Give back the whole listing exactly as it is written.
==*==
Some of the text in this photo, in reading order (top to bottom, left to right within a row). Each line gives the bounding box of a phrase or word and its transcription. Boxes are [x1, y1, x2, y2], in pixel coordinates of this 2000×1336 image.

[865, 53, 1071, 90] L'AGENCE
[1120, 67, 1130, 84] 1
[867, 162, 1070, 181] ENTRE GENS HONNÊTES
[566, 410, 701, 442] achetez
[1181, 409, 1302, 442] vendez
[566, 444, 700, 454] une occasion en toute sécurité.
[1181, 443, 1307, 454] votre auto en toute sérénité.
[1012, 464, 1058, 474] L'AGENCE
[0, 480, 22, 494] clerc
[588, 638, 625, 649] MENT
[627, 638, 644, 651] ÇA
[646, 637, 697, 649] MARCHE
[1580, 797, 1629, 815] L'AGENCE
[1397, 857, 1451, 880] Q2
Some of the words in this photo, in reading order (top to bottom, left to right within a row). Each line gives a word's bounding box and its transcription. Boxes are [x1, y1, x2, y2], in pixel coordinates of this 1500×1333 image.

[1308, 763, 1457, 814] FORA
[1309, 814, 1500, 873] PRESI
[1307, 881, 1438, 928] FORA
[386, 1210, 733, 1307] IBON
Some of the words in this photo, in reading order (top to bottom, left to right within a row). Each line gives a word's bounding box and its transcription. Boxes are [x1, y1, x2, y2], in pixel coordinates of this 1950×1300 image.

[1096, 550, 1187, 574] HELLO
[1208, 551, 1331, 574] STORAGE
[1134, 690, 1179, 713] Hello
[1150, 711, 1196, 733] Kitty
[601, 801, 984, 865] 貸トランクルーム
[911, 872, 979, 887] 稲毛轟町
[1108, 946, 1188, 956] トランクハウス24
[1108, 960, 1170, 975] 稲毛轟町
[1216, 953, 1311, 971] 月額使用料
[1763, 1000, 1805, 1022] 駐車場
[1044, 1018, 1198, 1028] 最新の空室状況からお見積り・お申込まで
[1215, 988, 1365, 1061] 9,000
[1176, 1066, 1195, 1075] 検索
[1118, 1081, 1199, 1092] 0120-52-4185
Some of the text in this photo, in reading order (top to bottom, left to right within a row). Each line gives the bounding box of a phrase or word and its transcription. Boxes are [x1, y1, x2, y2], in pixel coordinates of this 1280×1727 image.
==*==
## YOUR SOLUTION
Some of the text in this photo, in reading order (top to bottom, left to right within a row). Each line gives the bounding box of a phrase or word and its transcription. Boxes are [x1, y1, x2, y2], in pixel coordinates of this 2000×1336 image.

[865, 53, 1071, 90] L'AGENCE
[1120, 67, 1130, 84] 1
[867, 162, 1070, 181] ENTRE GENS HONNÊTES
[566, 410, 701, 442] achetez
[1181, 409, 1302, 442] vendez
[566, 444, 700, 454] une occasion en toute sécurité.
[1181, 443, 1307, 454] votre auto en toute sérénité.
[1012, 464, 1058, 474] L'AGENCE
[0, 480, 22, 494] clerc
[588, 638, 625, 649] MENT
[627, 638, 644, 651] ÇA
[646, 637, 697, 649] MARCHE
[1580, 797, 1629, 815] L'AGENCE
[1397, 857, 1451, 880] Q2
Some of the words in this photo, in reading order (top to bottom, left to right within a row). Each line gives a word's bounding box and its transcription. Boxes are [x1, y1, x2, y2], in pixel coordinates of this 1500×1333 image.

[1308, 763, 1457, 814] FORA
[1309, 814, 1500, 873] PRESI
[1307, 881, 1438, 928] FORA
[386, 1210, 733, 1307] IBON
Some of the words in this photo, in reading order (top to bottom, left to right within a row). Each line gives a word's bounding box and its transcription. Boxes are [x1, y1, x2, y2], in pixel coordinates of this 1950×1300 image.

[1096, 550, 1187, 574] HELLO
[1208, 551, 1331, 574] STORAGE
[1134, 690, 1179, 713] Hello
[1150, 711, 1196, 733] Kitty
[601, 801, 984, 865] 貸トランクルーム
[911, 872, 979, 887] 稲毛轟町
[1108, 946, 1188, 956] トランクハウス24
[1108, 960, 1170, 975] 稲毛轟町
[1216, 953, 1311, 971] 月額使用料
[1763, 1000, 1805, 1022] 駐車場
[1044, 1018, 1198, 1028] 最新の空室状況からお見積り・お申込まで
[1215, 988, 1365, 1061] 9,000
[1176, 1066, 1195, 1075] 検索
[1118, 1081, 1199, 1092] 0120-52-4185
Some of the text in this photo, in reading order (top to bottom, left to right within a row). Each line gives the bounding box of a phrase or word and its transcription. Boxes are [x1, y1, x2, y2], in pixel coordinates of this 1280×1727 image.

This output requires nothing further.